* **Task**
Your answer must repeat all of the entries word for word, without any images.

(Spatial localization data)
--------------------
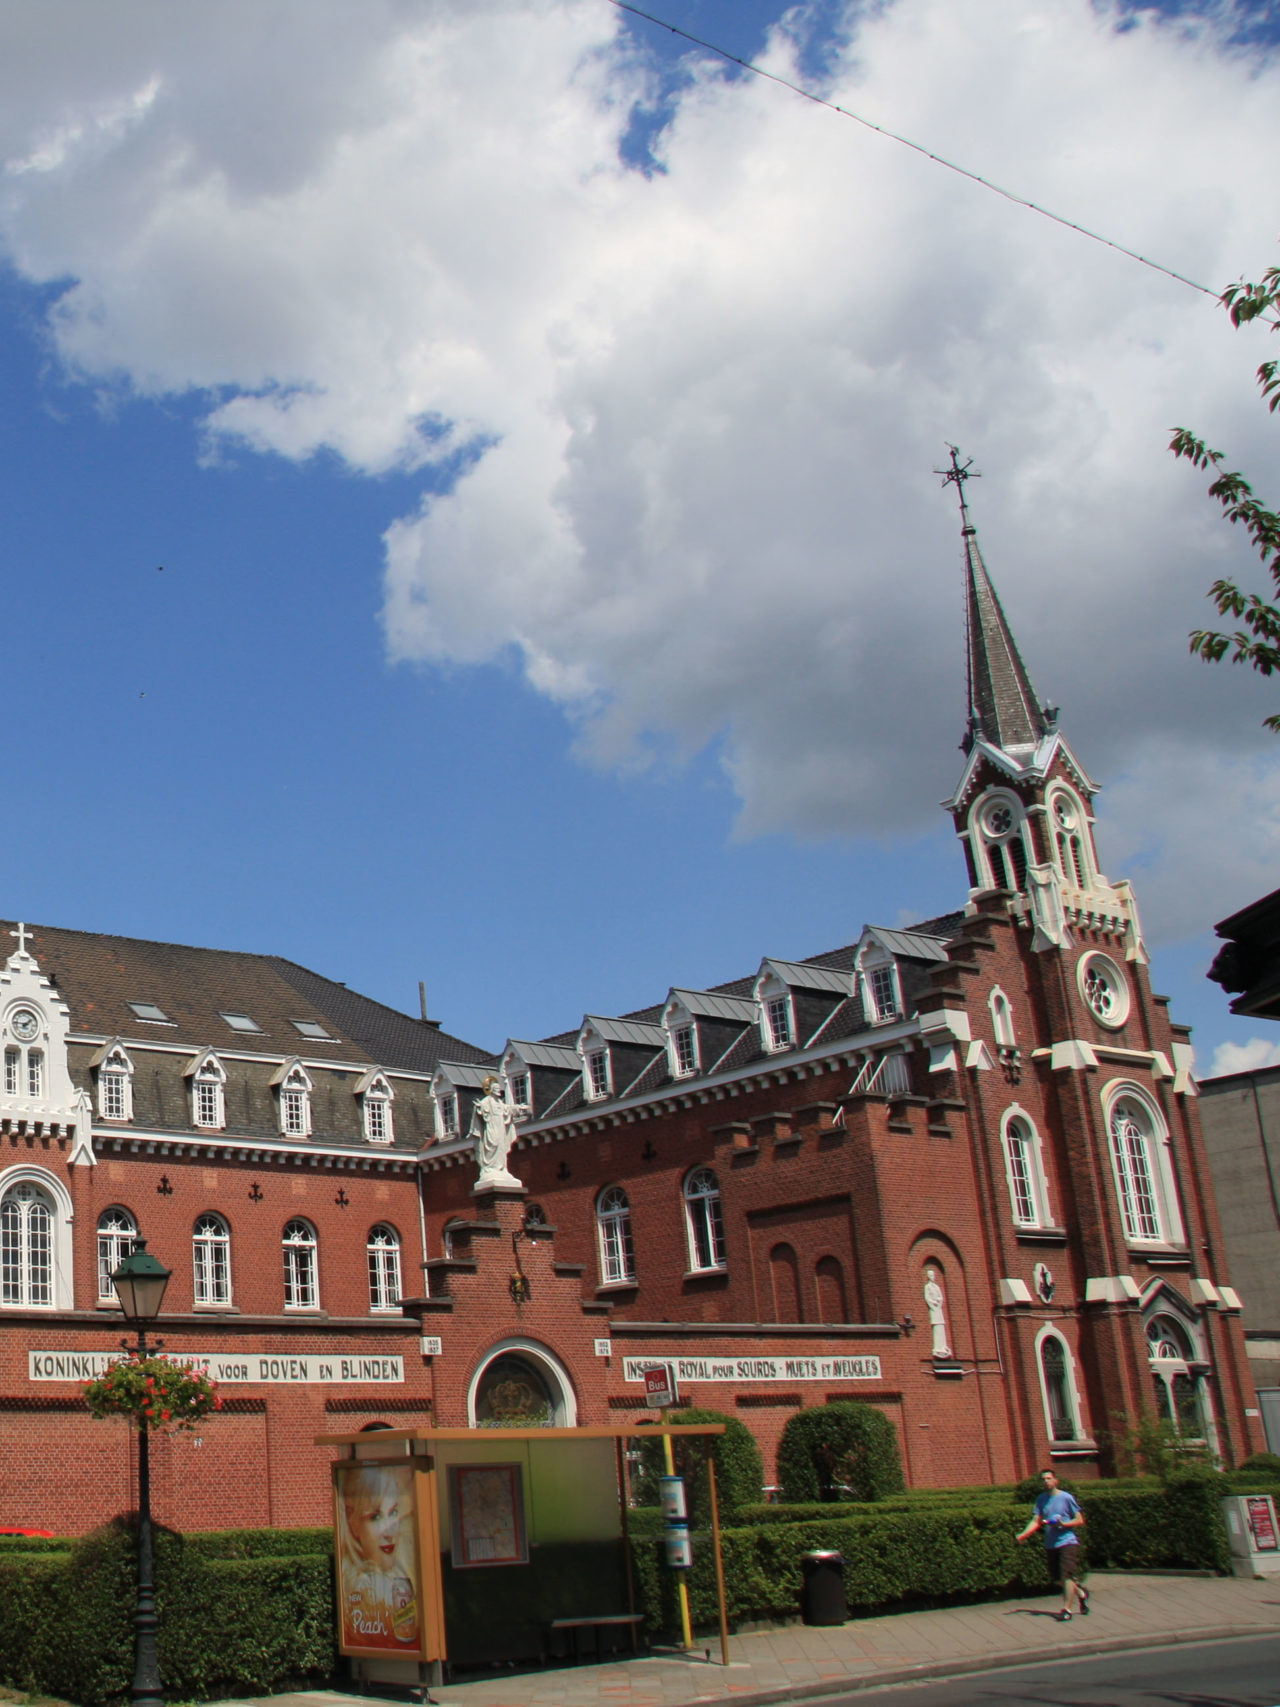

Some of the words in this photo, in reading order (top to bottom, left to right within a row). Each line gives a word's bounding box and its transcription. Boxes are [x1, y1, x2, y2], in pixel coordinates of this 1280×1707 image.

[218, 1363, 249, 1380] VOOR
[259, 1359, 308, 1380] DOVEN
[319, 1364, 333, 1379] EN
[341, 1360, 399, 1380] BLINDEN
[678, 1359, 711, 1379] ROYAL
[712, 1364, 734, 1377] POUR
[736, 1360, 777, 1378] SOURDS
[821, 1363, 831, 1377] ET
[833, 1359, 878, 1377] AVEUGLES
[648, 1381, 666, 1391] Bus
--------------------
* **Answer area**
Some of the words in this photo, in reading order (top to bottom, left to right within a row). Each line gives a word's bounding box and its transcription. Boxes are [x1, y1, x2, y2], in pixel coordinates of this 1280×1707 image.

[218, 1363, 249, 1380] VOOR
[259, 1359, 308, 1380] DOVEN
[319, 1364, 333, 1379] EN
[341, 1360, 399, 1380] BLINDEN
[678, 1359, 711, 1379] ROYAL
[712, 1364, 734, 1377] POUR
[736, 1360, 777, 1378] SOURDS
[821, 1363, 831, 1377] ET
[833, 1359, 878, 1377] AVEUGLES
[648, 1381, 666, 1391] Bus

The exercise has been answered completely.